When the experiences of the dual nature, the body and soul, from any cause, bring the body, or the brain into conditions where it can no longer respond to the uses of the spirit, then occurs what is called death—physical dissolution. But this change is simply the unclothing of the spirit from its earthly conditions, setting it free to return again to its home, there to review what it has gained, and added to its previous stock of knowledge. The individual soul in each incarnation forms for itself ties more or less real and lasting—with the mother, the fleshly vehicle, through whose mysterious service it enters upon its earthly life; with the male parent whose service to humanity may, or may not be godly or godlike, though natural and necessary; with family relations; and with friends, public and private. Nearly every person who passes through this unveiling comes to the grave-side with trains of friends to whom he is attached, and whom he will not forget, and he will stay on and on in his heaven till every claim upon his love, or service is fully satisfied. No more severing of ties; no more broken hearts, or disappointed hopes. No injustice, full fruition in heaven.
This adjustment measured by earthly reckoning may take long reaches of time, but finally, the soul, stirred by the eternal law of progress, of unfoldment, repeats its former experience, drinks of the cup of forgetfulness, and returns again to learn in the great university of unfolding life on this planet. A vast multitude, it is coming and going, unceasingly moving on. No two alike; each in its place pressing forward to the station which the totality of its experiences through many lives entitles it. There is but one law, but one method that abides. It is the spiritual law of evolution; everyone is held by it; all who seem exempt today from its influence upon their lives, have already passed the crucial tests, or are traveling forward to meet them.

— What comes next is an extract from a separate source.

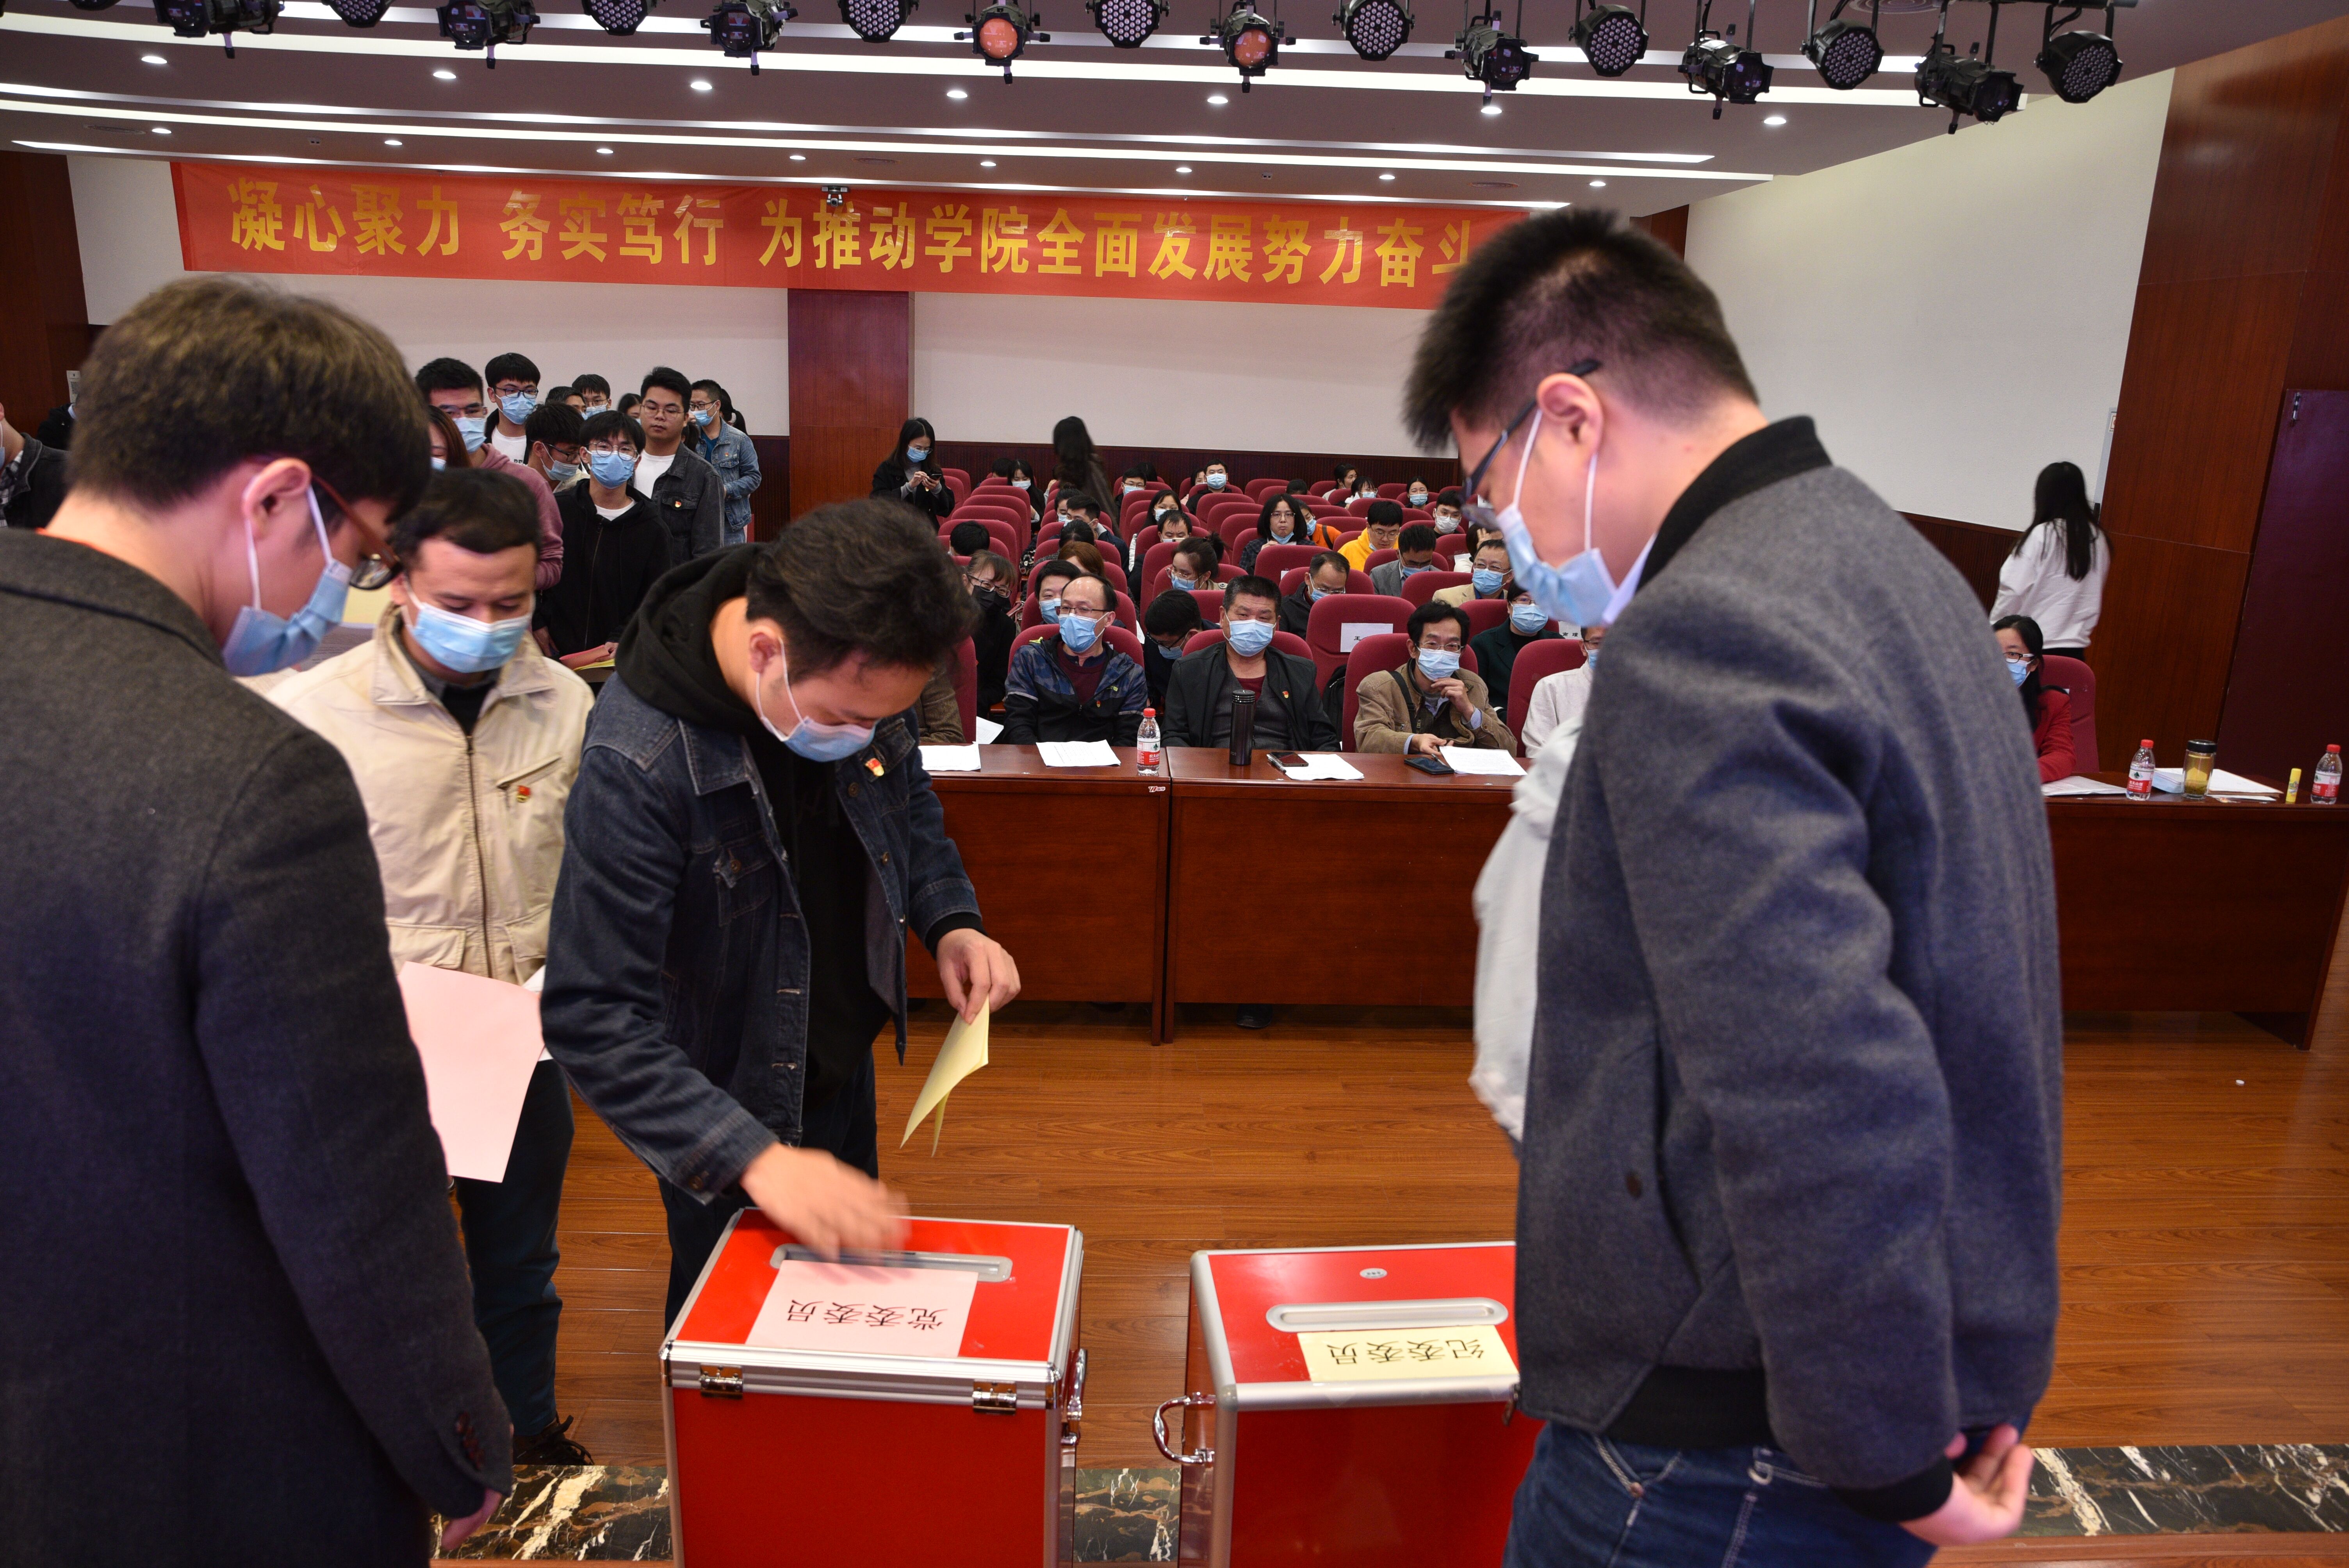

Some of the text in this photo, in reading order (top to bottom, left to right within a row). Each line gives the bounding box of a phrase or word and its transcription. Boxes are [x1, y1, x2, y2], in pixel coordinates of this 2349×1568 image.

[228, 177, 1471, 288] 凝心聚力 务实笃行 为推动学院全面发展努力奋斗
[787, 1299, 948, 1331] 党委委员
[1327, 1339, 1484, 1365] 纪委委员

Sooner or later every human soul must inevitably take its turn, until it passes up through the whole gamut of earthly experience. Whatever character anyone achieves belongs to the individual eternally. It is the reward of patient service, of consecrated effort for the truth. Great souls are what they are, in the places they now occupy by virtue of their many incarnations. Through the great variety of experiences gained, they have come to know. They have earned the right to be what they are. There are usurpers in all the ways of life, ignorance and hypocracy masquerading as the real thing, but they do not last. Pretenders are soon unmasked and taken at their true value.
Sometimes the spirit is strong enough to ignore its present surroundings and rise above all the obstacles connected with its material heredity. It depends upon the unfoldment of the spirit whether it shall espouse the cause of progress and truth, or yield to the pressure of its environment and shrink back into a lower grade, and lose the opportunity for further growth.